Some manuscripts of the Pauline epistles contain short Marcionite prologues to each of the epistles indicating where they were written, with notes about where the recipients dwelt. Adolf von Harnack, citing De Bruyne, argued that these notes were written by Marcion of Sinope or one of his followers. Origin of the New Testament - APPENDIX I (to § 2 of Part I, pp. 59 f.) The Marcionite Prologues to the Pauline Epistles, Adolf von Harnack, 1914. Moreover, Harnack noted: "We have indeed long known that Marcionite readings found their way into the ecclesiastical text of the Pauline epistles, but now for seven years we have known that Churches actually accepted the Marcionite prefaces to the Pauline epistles! De Bruyne has made one of the finest discoveries of later days in proving that those prefaces, which we read first in Codex Fuldensis and then in numbers of later manuscripts, are Marcionite, and that the Churches had not noticed the cloven hoof." Many early Vulgate manuscripts contain a set of Priscillianist prologues to the gospels.
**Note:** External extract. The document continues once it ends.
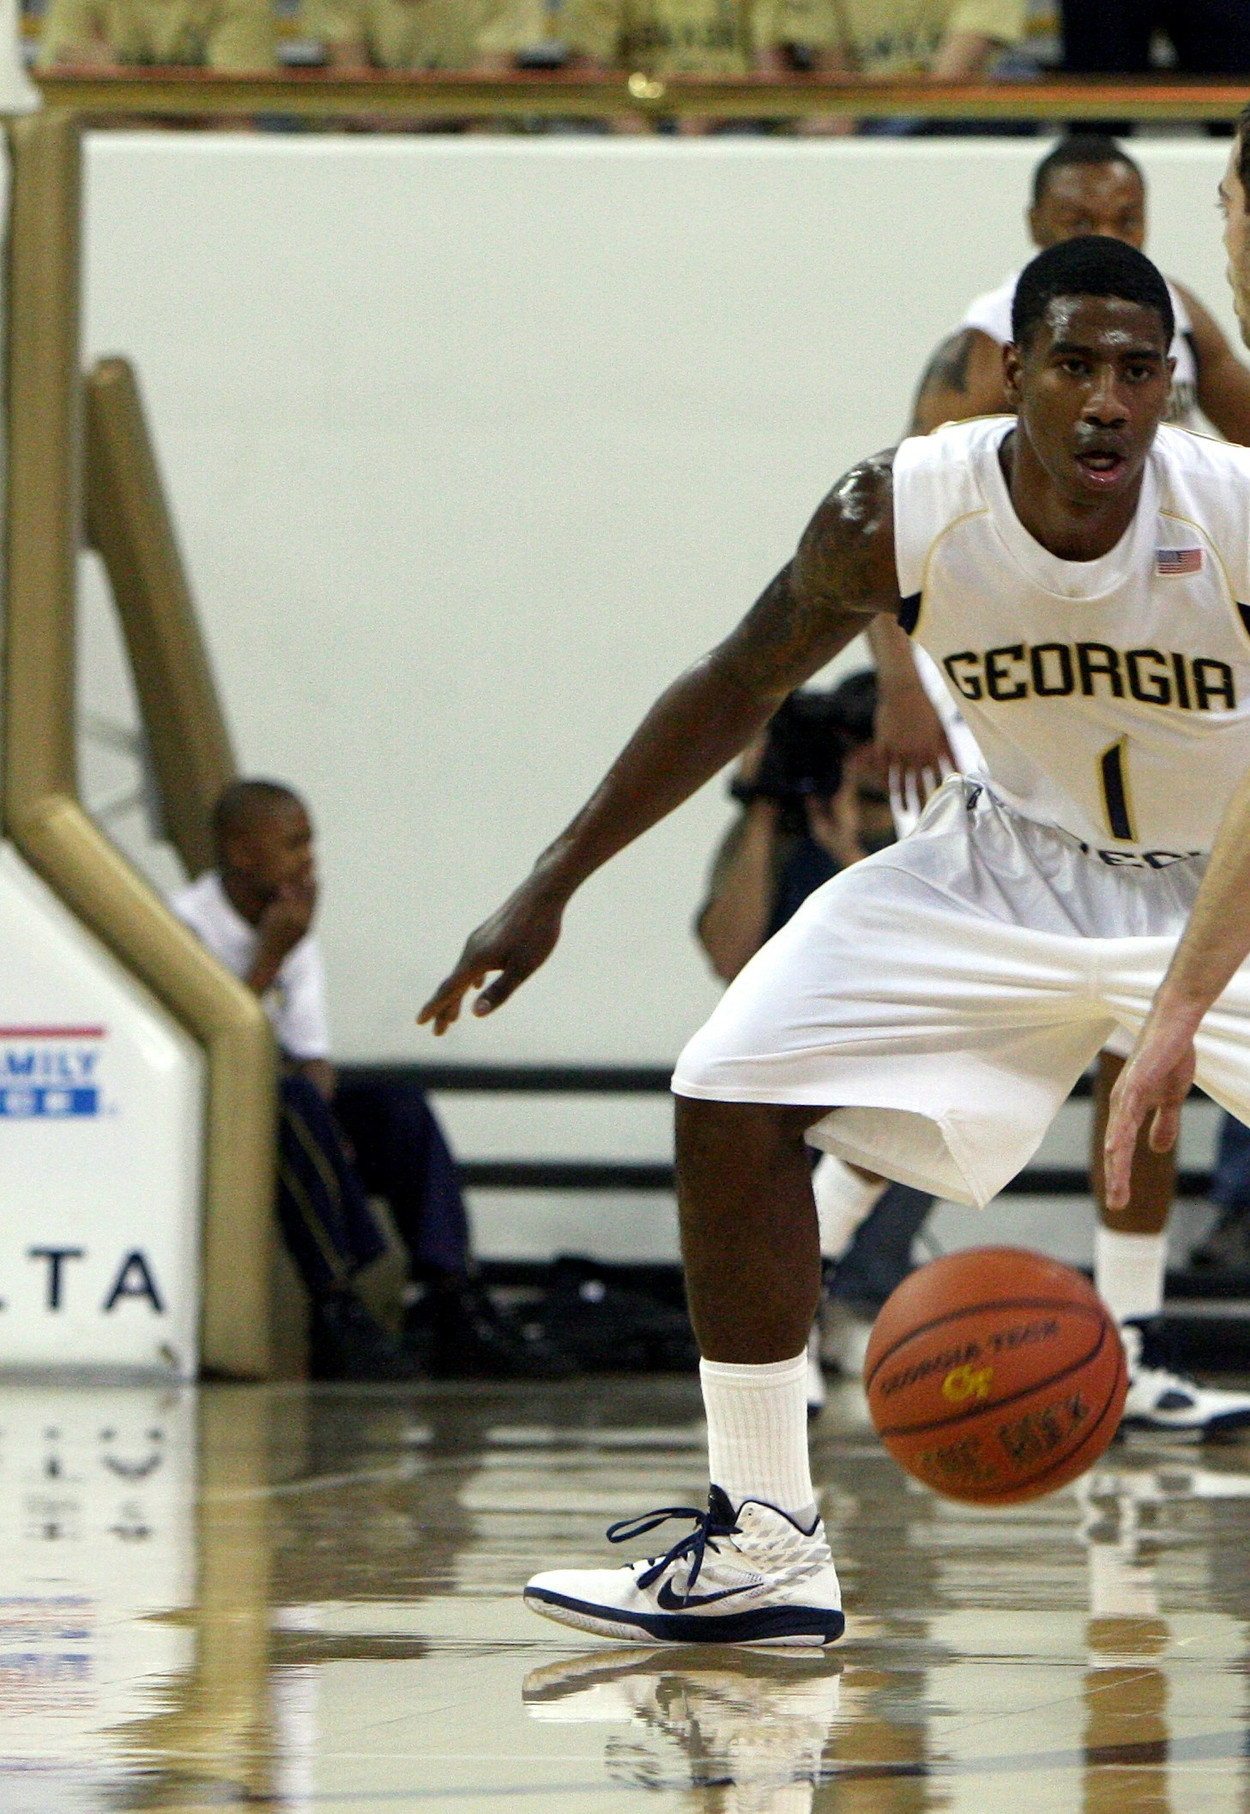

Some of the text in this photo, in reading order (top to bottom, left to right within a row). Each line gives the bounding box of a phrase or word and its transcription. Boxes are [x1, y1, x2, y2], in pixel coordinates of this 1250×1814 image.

The translations in the Vetus Latina had accumulated piecemeal over a century or more. They were not translated by a single person or institution, nor uniformly edited. The individual books varied in quality of translation and style, and different manuscripts and quotations witness wide variations in readings. Some books appear to have been translated several times.
The Vulgate did not immediately supersede the Vetus Latina translations. Pandects from the Early Middle Ages sometimes had some books (e.g. deuterocanonicals, Acts, Revelation), or took phrases, or had glosses from the Vetus Latina, but this declined through the High Middle Ages.
The Vetus Latina gospels had been translated from Greek originals of the Western text-type. Comparison of Jerome's Gospel texts with those in Vetus Latina witnesses, suggests that his revision was concerned with substantially redacting their expanded "Western" phraseology in accordance with the Greek texts of better early Byzantine and Alexandrian witnesses. For the Gospels "High priest" is rendered princeps sacerdotum in Vulgate Matthew; as summus sacerdos in Vulgate Mark; and as pontifex in Vulgate John.
In places Jerome adopted readings that did not correspond to a straightforward rendering either of the Vetus Latina or the Greek text, so reflecting a particular doctrinal interpretation; as in his rewording panem nostrum epiousios at .
One major change Jerome introduced was to re-order the Latin Gospels. Most Vetus Latina gospel books followed the "Western" order of Matthew, John, Luke, Mark; Jerome adopted the "Greek" order of Matthew, Mark, Luke, John. His revisions became progressively less frequent and less consistent in the gospels presumably done later.
The unknown reviser of the rest of the New Testament shows marked differences from Jerome, both in editorial practice and in their sources. Where Jerome sought to correct the Vetus Latina text with reference to the best recent Greek manuscripts, with a preference for those conforming to the Byzantine text-type, the Greek text underlying the revision of the rest of the New Testament demonstrates the Alexandrian text-type found in the great Uncial script Codex of the mid-4th century, most similar to the Codex Sinaiticus. The reviser's changes generally conform very closely to this Greek text, even in matters of word order—to the extent that the resulting text may be only barely intelligible as Latin.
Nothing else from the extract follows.